Presidency by Hugh Sidey: Assaulted from All Sides

Yet the Social Security reform plan may get through Congress

When Republican Senator Robert Dole of Kansas, chairman of the Senate Finance Committee, introduces a bill entitled S.1 this week, he will be the first of a phalanx of blockers trying to mow down obstacles to congressional approval of a $168 billion Social Security compromise package. With the bipartisan blessings of President Reagan and House Speaker Tip O'Neill, the National Commission on Social Security Reform hammered together the agreement hours short of its Jan. 15 deadline. The commission's success, after months of deadlock, may have saved the entire Social Security issue from becoming fatally ensnared in a ferocious wrangle on Capitol Hill. Even so, predicts Republican Congressman Barber Conable of New York, one of the so-called Gang of Five that helped produce the 15-member commission's compromise agreement: "The package will be assaulted from all sides."

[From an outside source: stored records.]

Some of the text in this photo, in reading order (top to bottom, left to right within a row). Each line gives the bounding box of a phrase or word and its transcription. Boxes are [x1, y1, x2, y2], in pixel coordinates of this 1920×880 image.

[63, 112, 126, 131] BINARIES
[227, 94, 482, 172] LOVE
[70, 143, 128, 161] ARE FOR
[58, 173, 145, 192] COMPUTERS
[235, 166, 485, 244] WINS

First to spring was the Fund for Assuring an Independent Retirement (FAIR), a powerful coalition of about 6 million active and retired civil servants. Barely had the commission's final report appeared, when FAIR began mounting a $3 million lobbying and public relations campaign against a proposed requirement that newly hired federal employees participate in the system. FAIR charges that the switch would bankrupt the healthy $96 billion civil service retirement fund, saddle Congress with $185 billion in future uncovered pension obligations, and deprive the Government of $2 billion in taxes now paid on their benefits by federal retirees.

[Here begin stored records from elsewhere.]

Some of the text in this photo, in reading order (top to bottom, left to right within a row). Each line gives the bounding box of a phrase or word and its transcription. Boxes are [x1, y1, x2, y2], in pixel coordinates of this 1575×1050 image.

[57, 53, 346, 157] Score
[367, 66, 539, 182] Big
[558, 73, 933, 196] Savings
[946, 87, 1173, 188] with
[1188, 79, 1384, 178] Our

The 14 million-member American Association of Retired Persons (A.A.R.P.) vehemently denounced provisions requiring a six-month delay in cost of living adjustments (COLA) for benefits and accelerating payroll tax hikes through 1990. A.A.R.P. is especially outraged by a requirement that, starting in 1984, will impose taxes on half of the benefits of individuals with annual incomes above $20,000 and couples above $25,000.

By contrast, the 4 million-member National Council of Senior Citizens and the 5,000-member National Council on the Aging, while objecting to the COLA delay, were relieved that the basic principles of Social Security had been preserved. Said one senior-citizen spokesman: "When you get legislators and White House leaders recognizing the kind of commitments the Government has made under Social Security, you don't want to upset that."

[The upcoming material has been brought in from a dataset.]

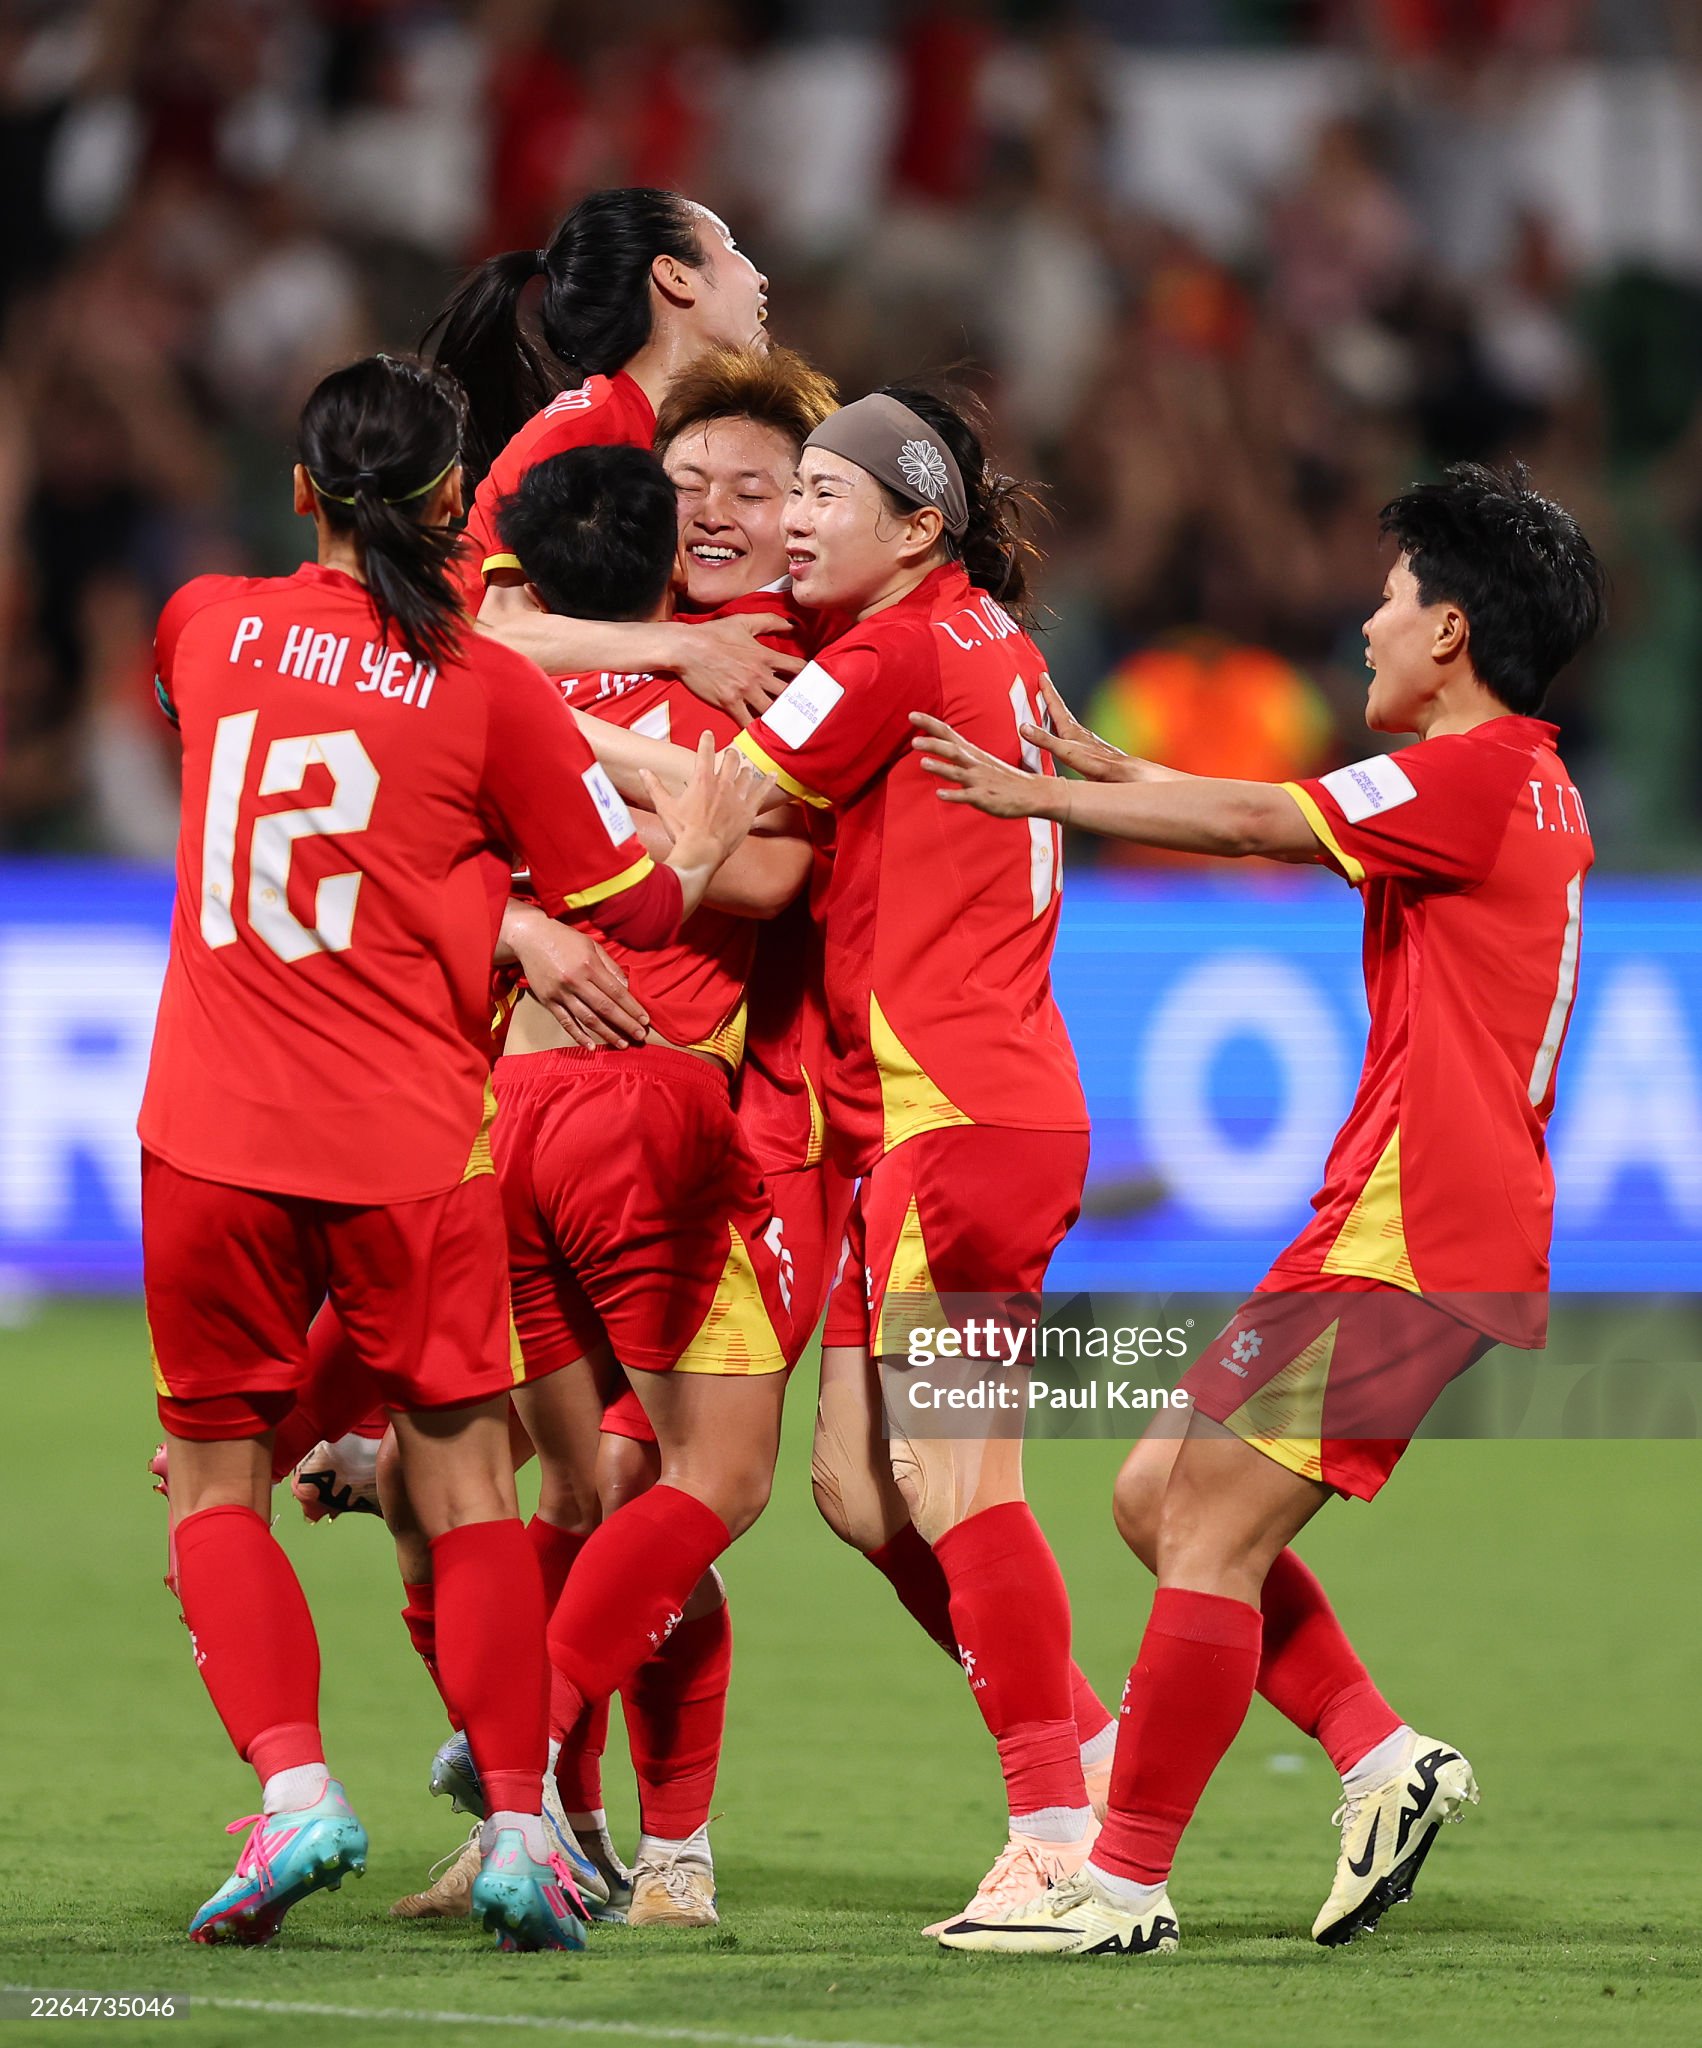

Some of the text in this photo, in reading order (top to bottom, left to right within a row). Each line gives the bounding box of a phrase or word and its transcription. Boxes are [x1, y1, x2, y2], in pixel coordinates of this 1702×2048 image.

The Service Employees International Union (S.E.I.U.), which represents custodial and building-service workers, and the American Federation of State, County and Municipal Employees (A.F.S.C.M.E.) cheered provisions that 1) require Social Security coverage for nonprofit organizations, which may now elect not to participate, and 2) ban the withdrawal of state and local government employees from the system. These unions maintain that their memberships are better served by Social Security than by private pension plans.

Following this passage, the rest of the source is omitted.